Input for this task ->
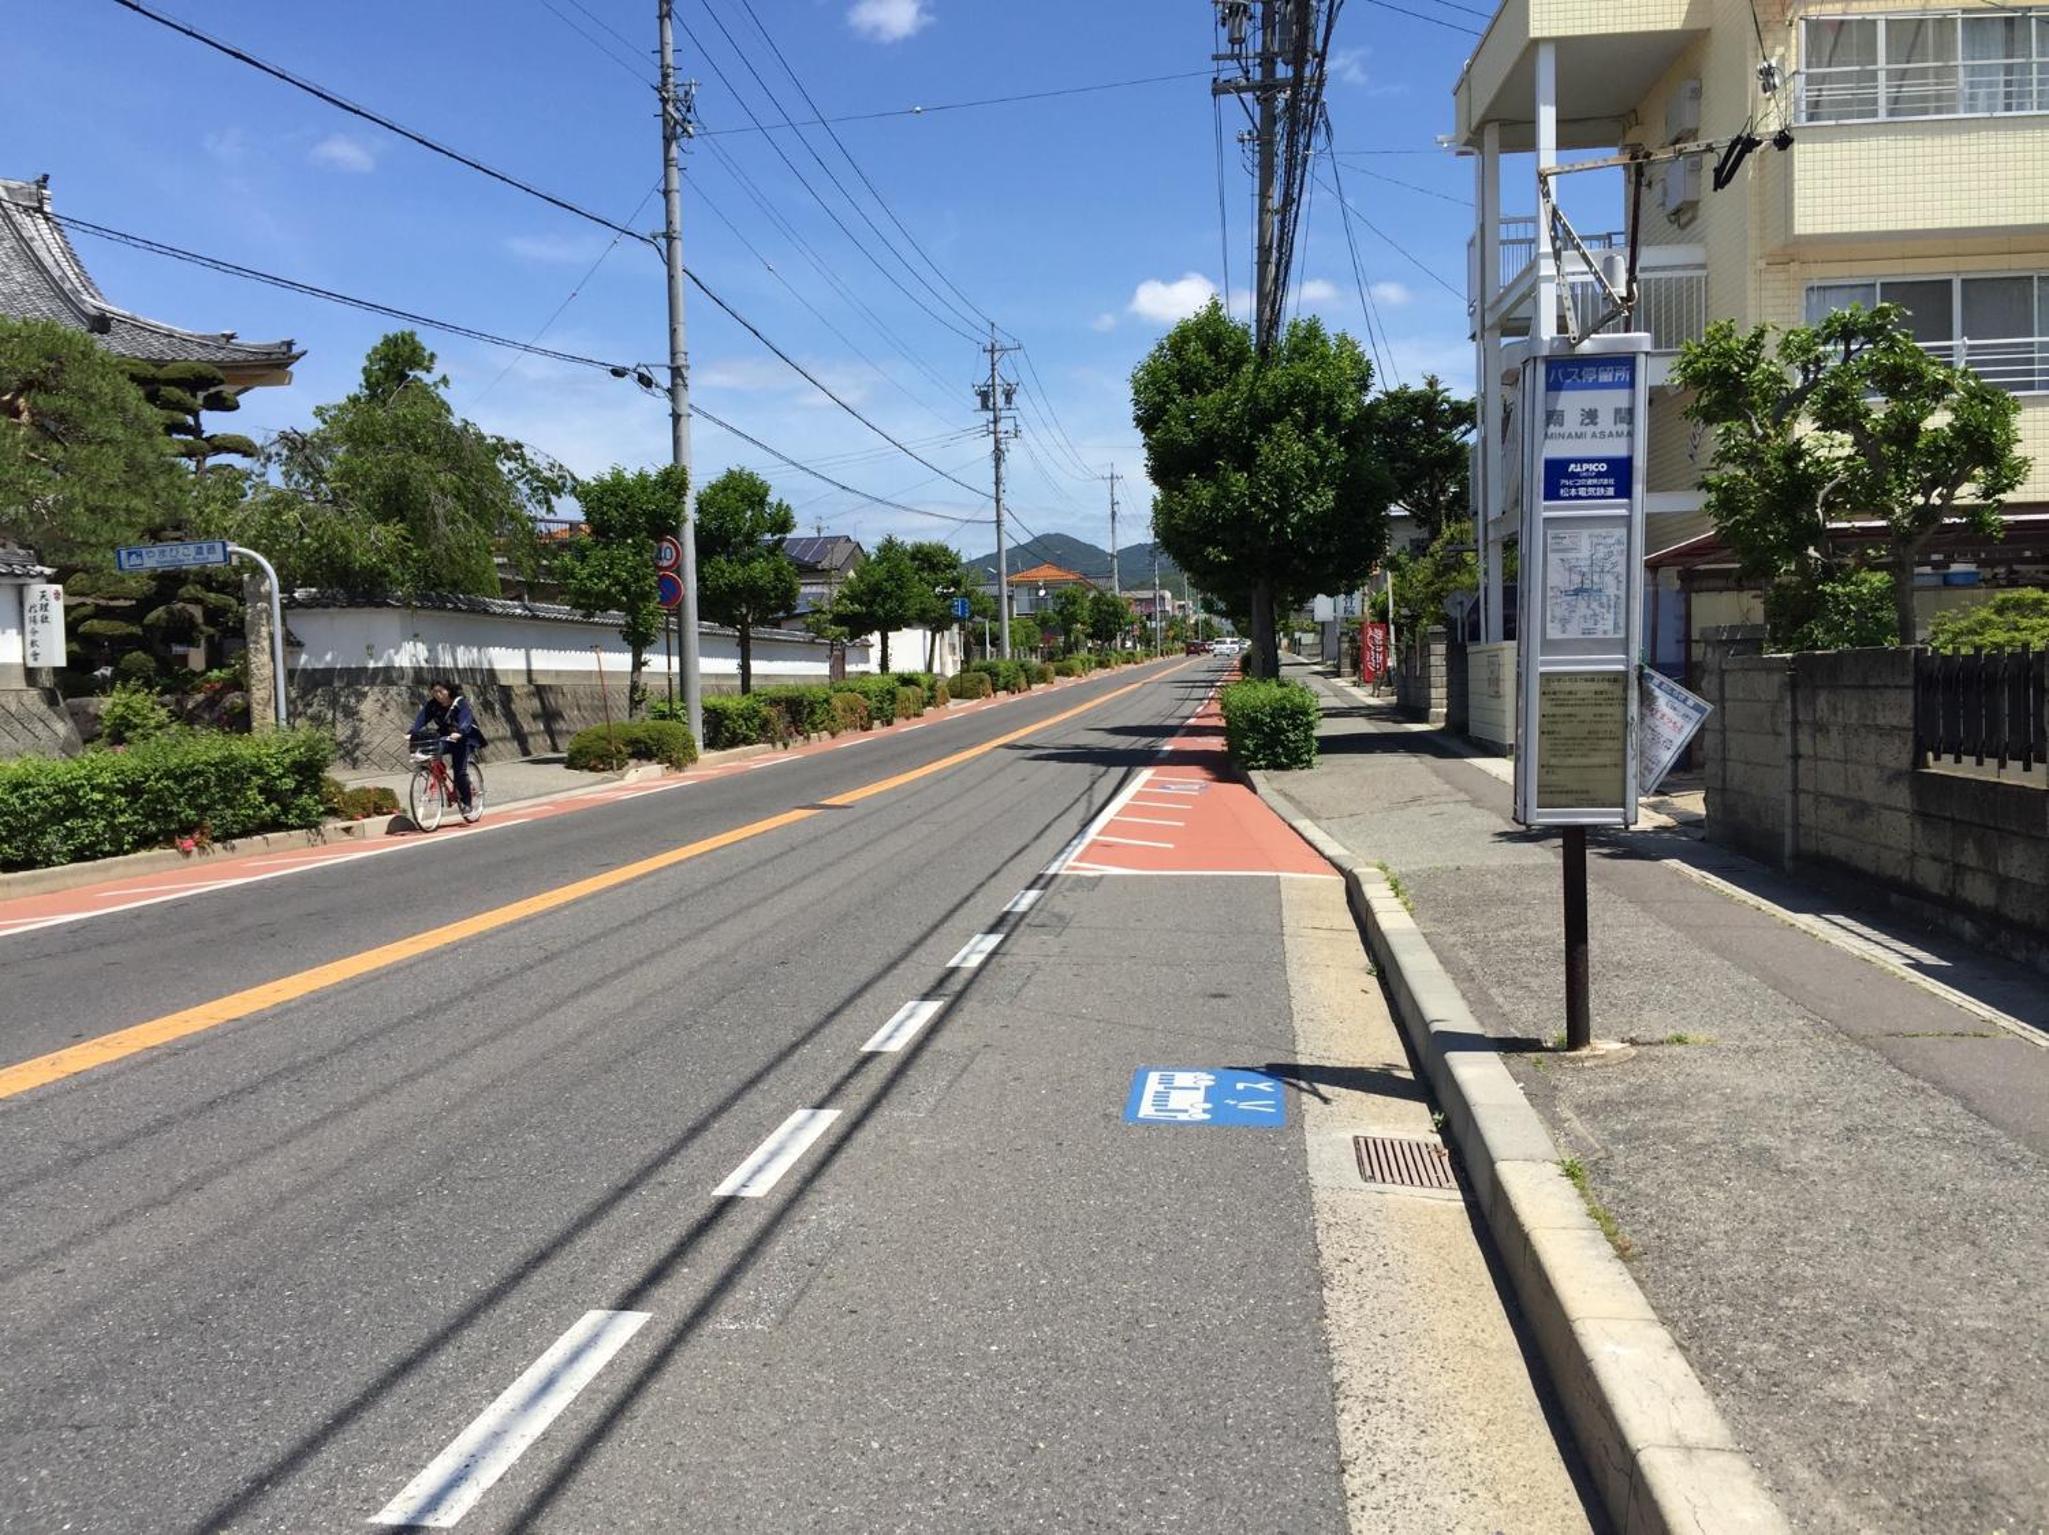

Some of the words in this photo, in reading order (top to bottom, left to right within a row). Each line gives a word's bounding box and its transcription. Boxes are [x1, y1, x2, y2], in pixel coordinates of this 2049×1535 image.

[1549, 365, 1631, 383] バス停留所
[1545, 407, 1633, 427] 南浅間
[1544, 431, 1587, 441] MINAMI
[1591, 430, 1633, 440] ASAMA
[1568, 462, 1608, 473] ALPICO
[1224, 1082, 1277, 1112] バス
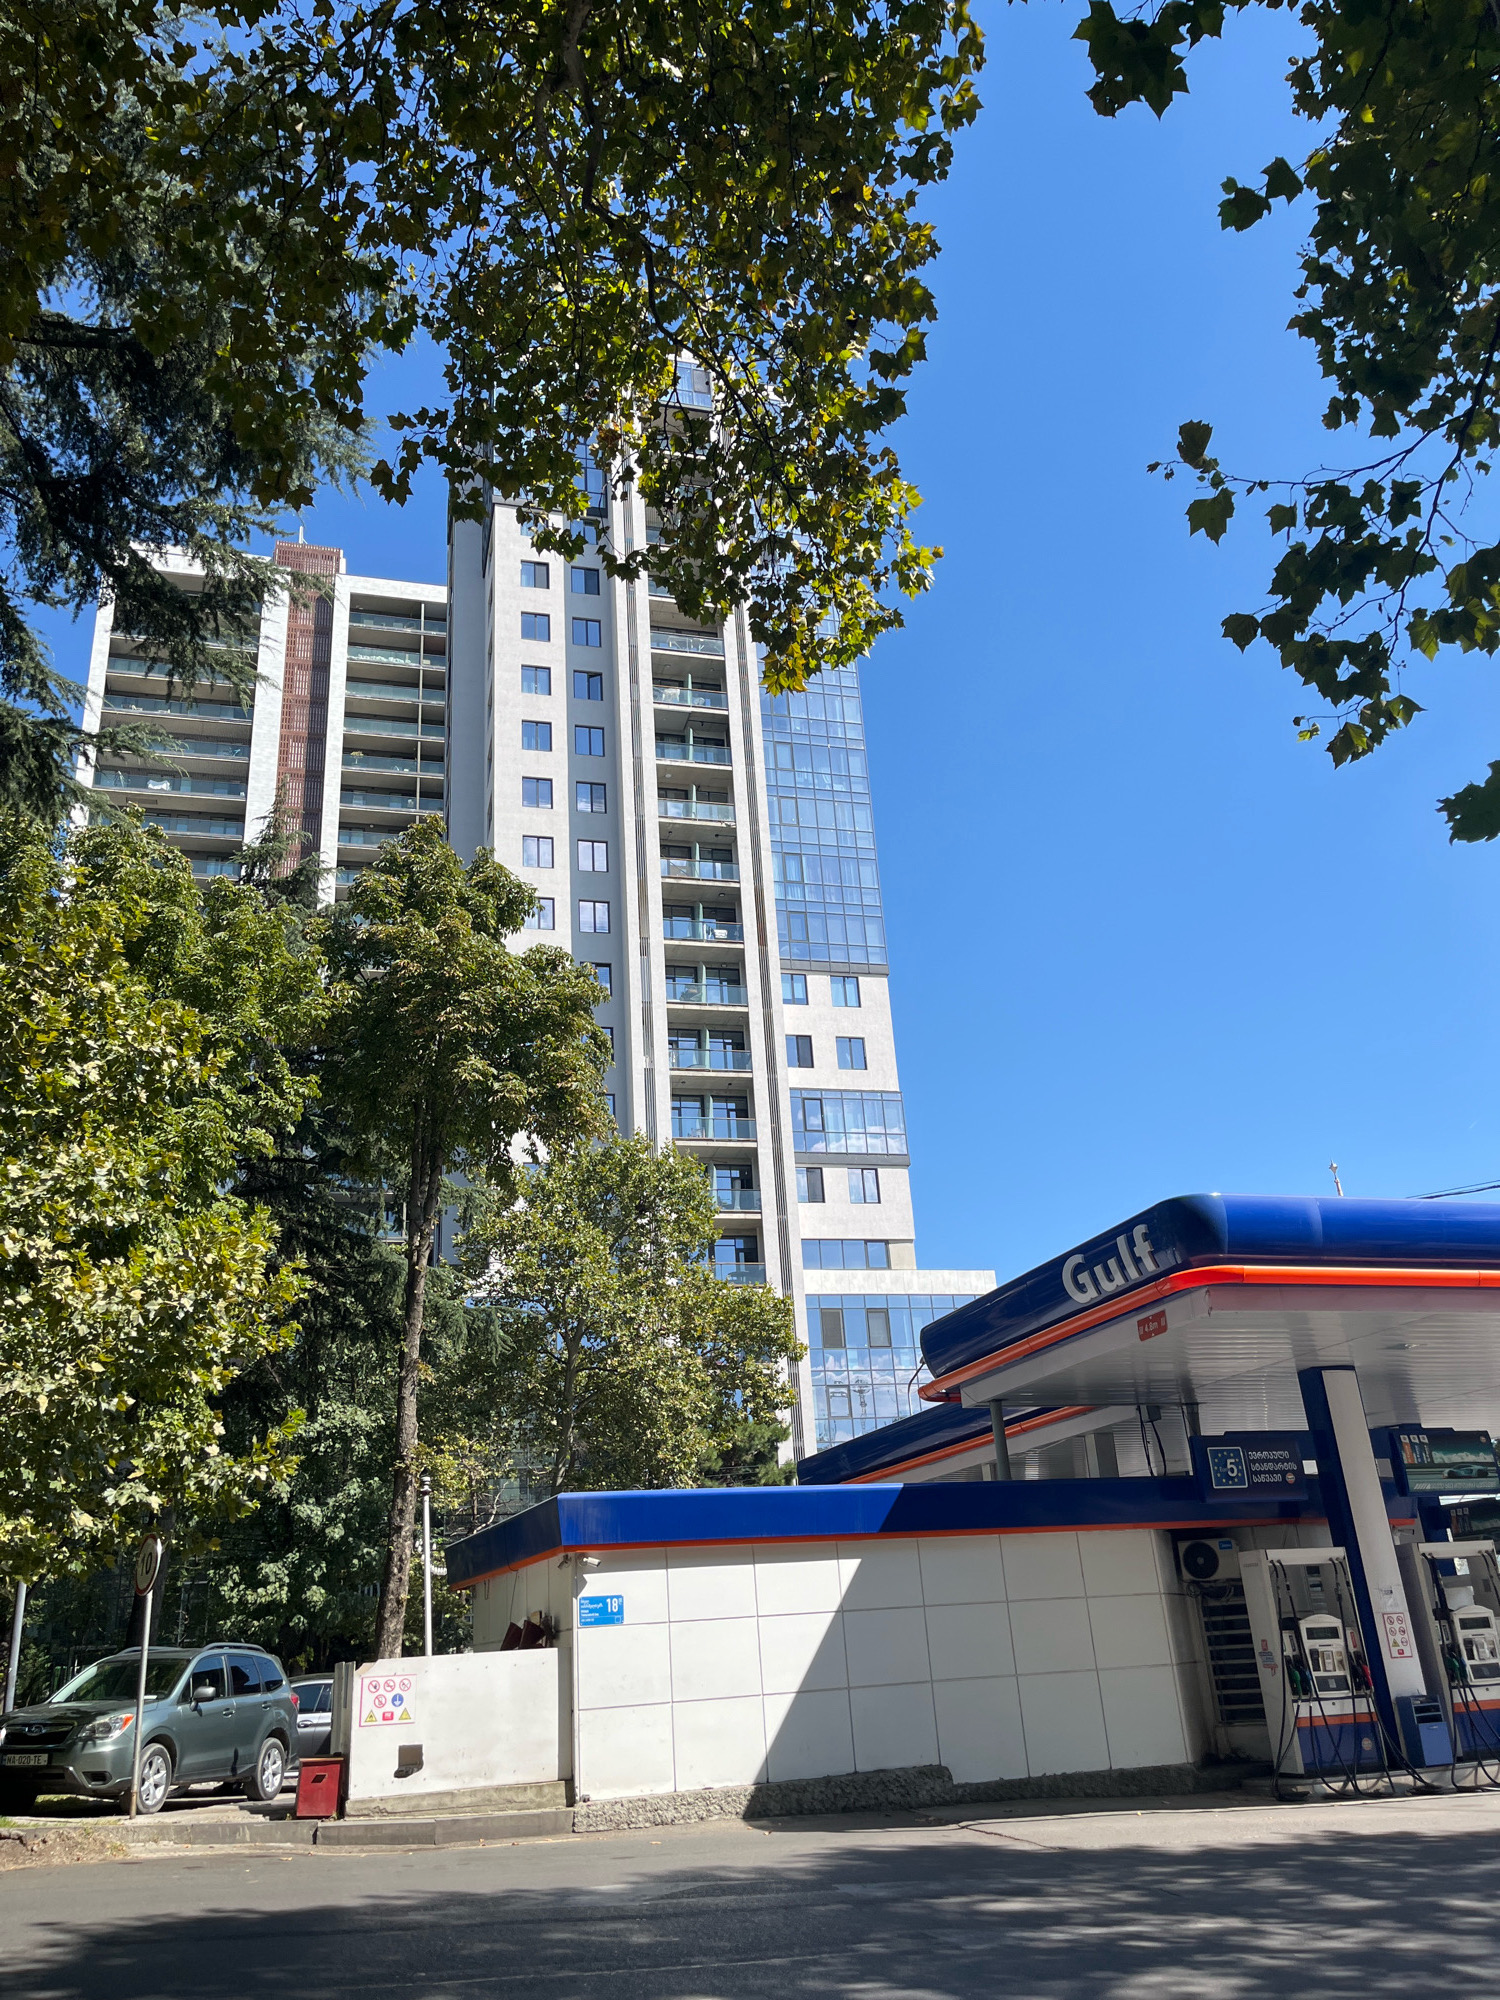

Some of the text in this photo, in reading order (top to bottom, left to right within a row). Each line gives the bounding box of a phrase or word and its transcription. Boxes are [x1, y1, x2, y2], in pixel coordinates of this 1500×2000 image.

[1062, 1224, 1159, 1304] Gulf
[1227, 1459, 1237, 1477] 5
[140, 1552, 153, 1576] 10
[606, 1598, 619, 1613] 18
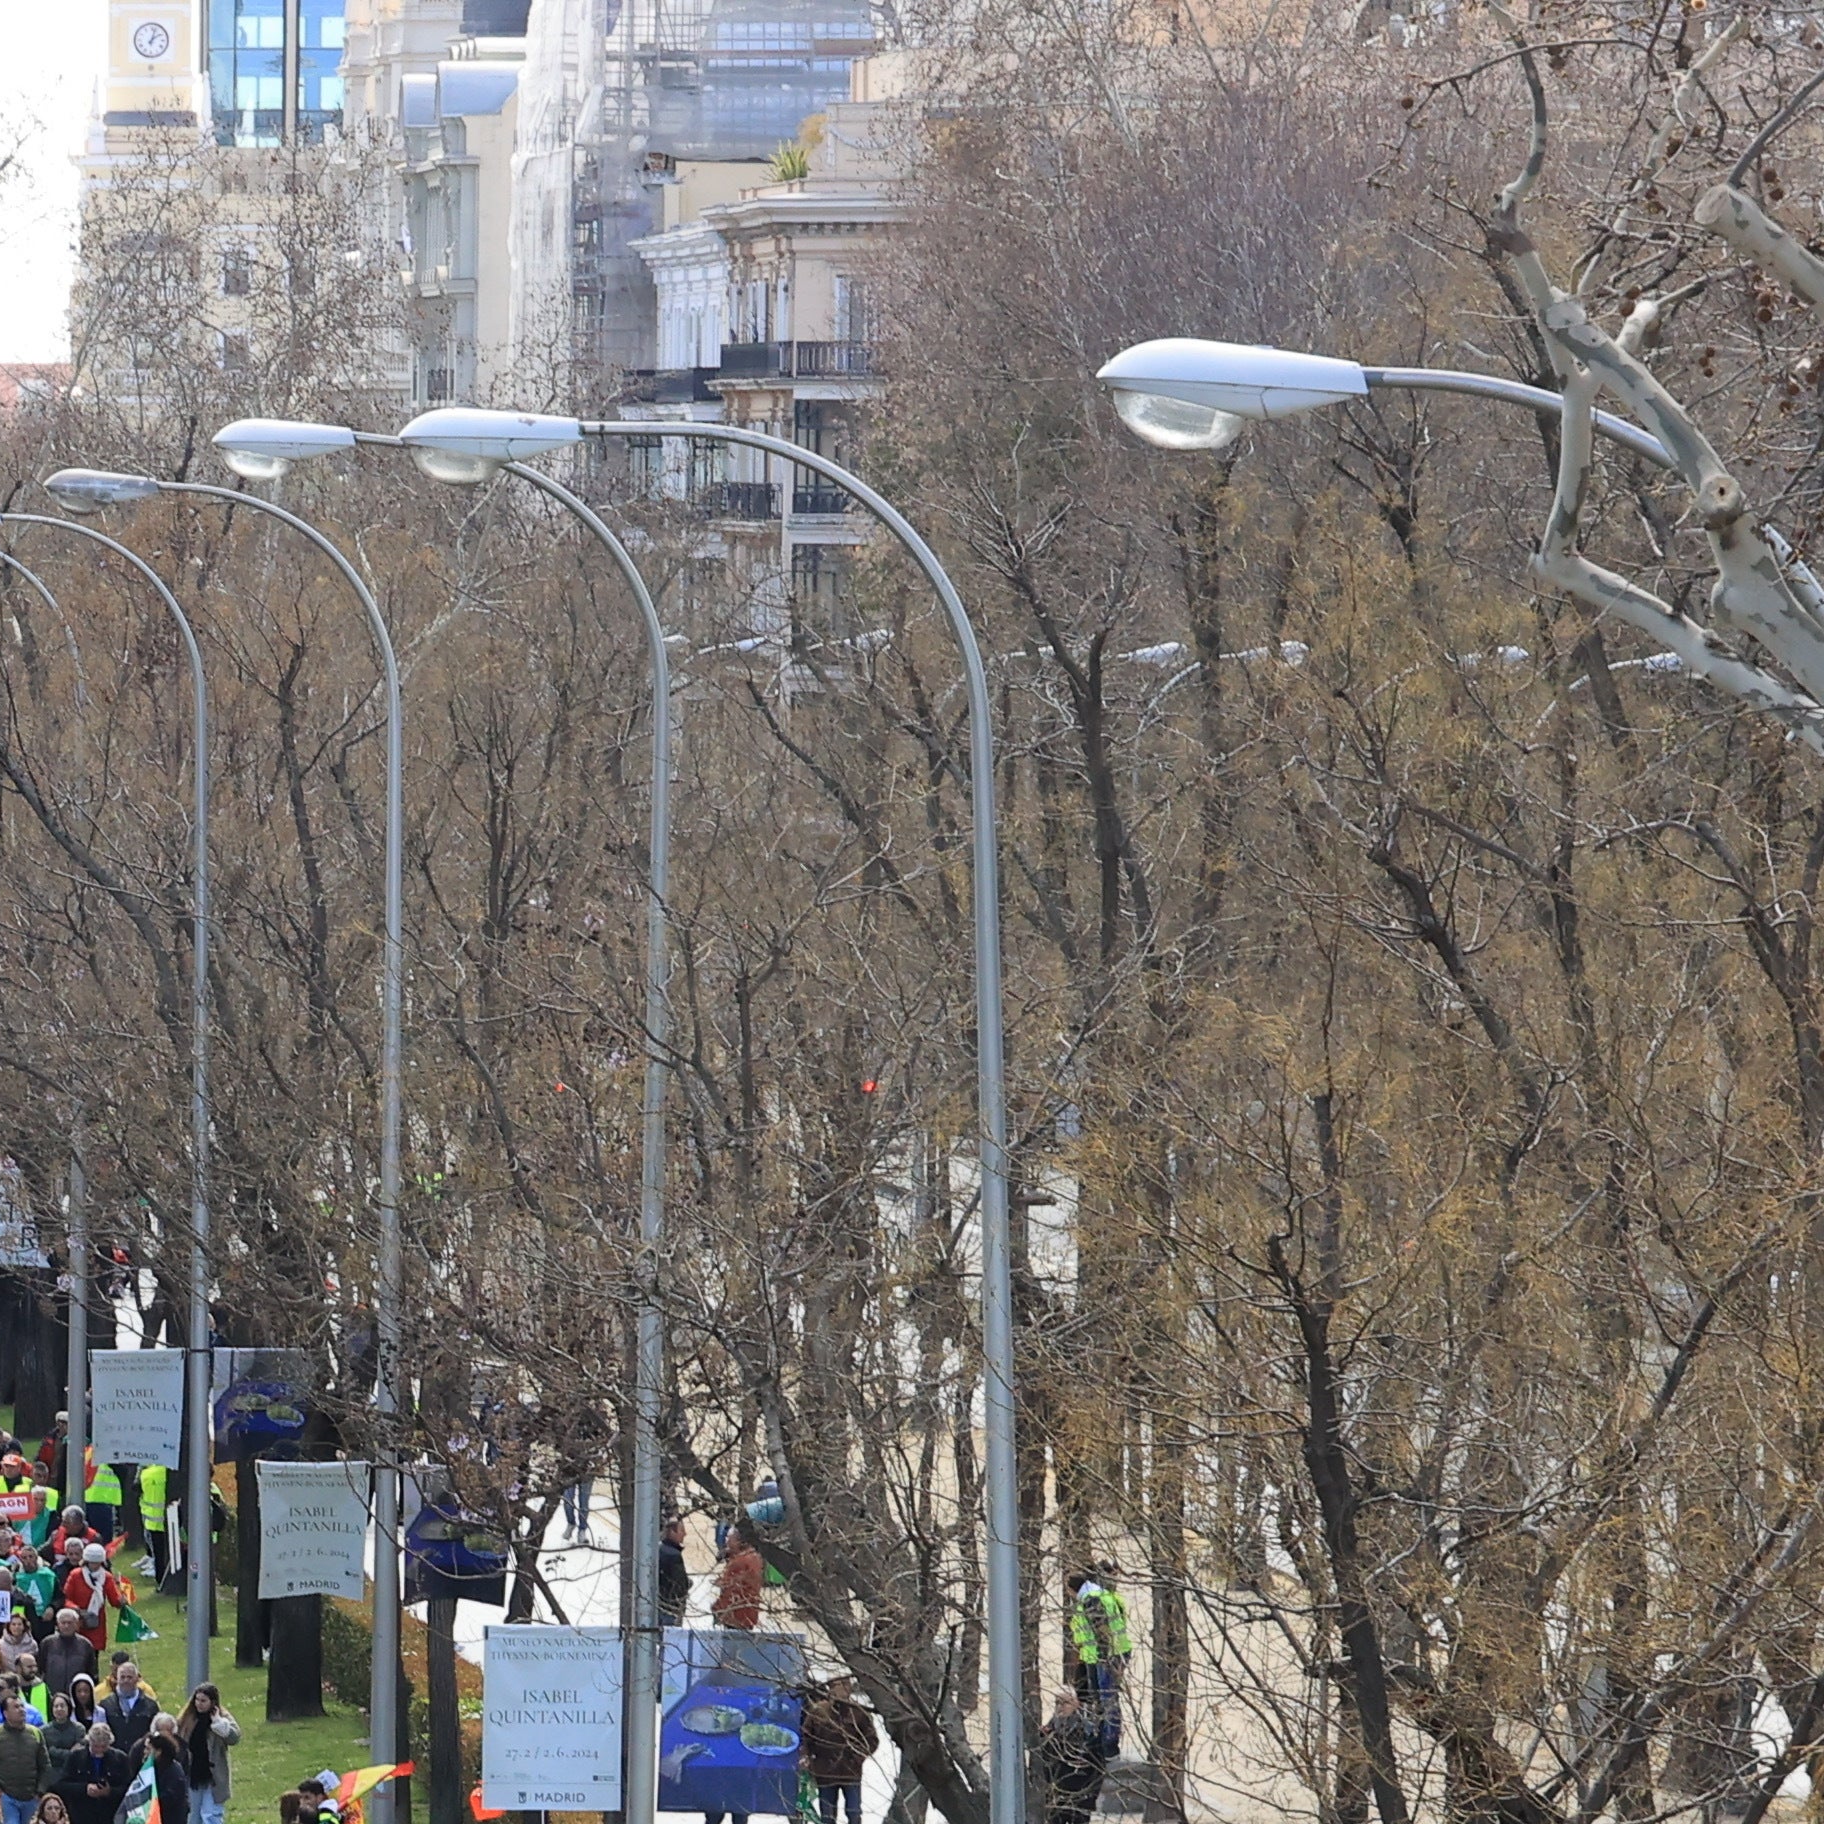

The task ->
If a picture falls within the lines from the one containing "Some of the text" through the end of the material, leave it out while repeating those lines exactly.

Your response ->
Some of the text in this photo, in reading order (top to bottom, left to right within a row). Each line gives the bounding box of a phrase or word and its transcription. Boxes are [x1, y1, x2, y2], in pixel coordinates of this 1500×2000 image.

[1062, 1224, 1159, 1304] Gulf
[1227, 1459, 1237, 1477] 5
[140, 1552, 153, 1576] 10
[606, 1598, 619, 1613] 18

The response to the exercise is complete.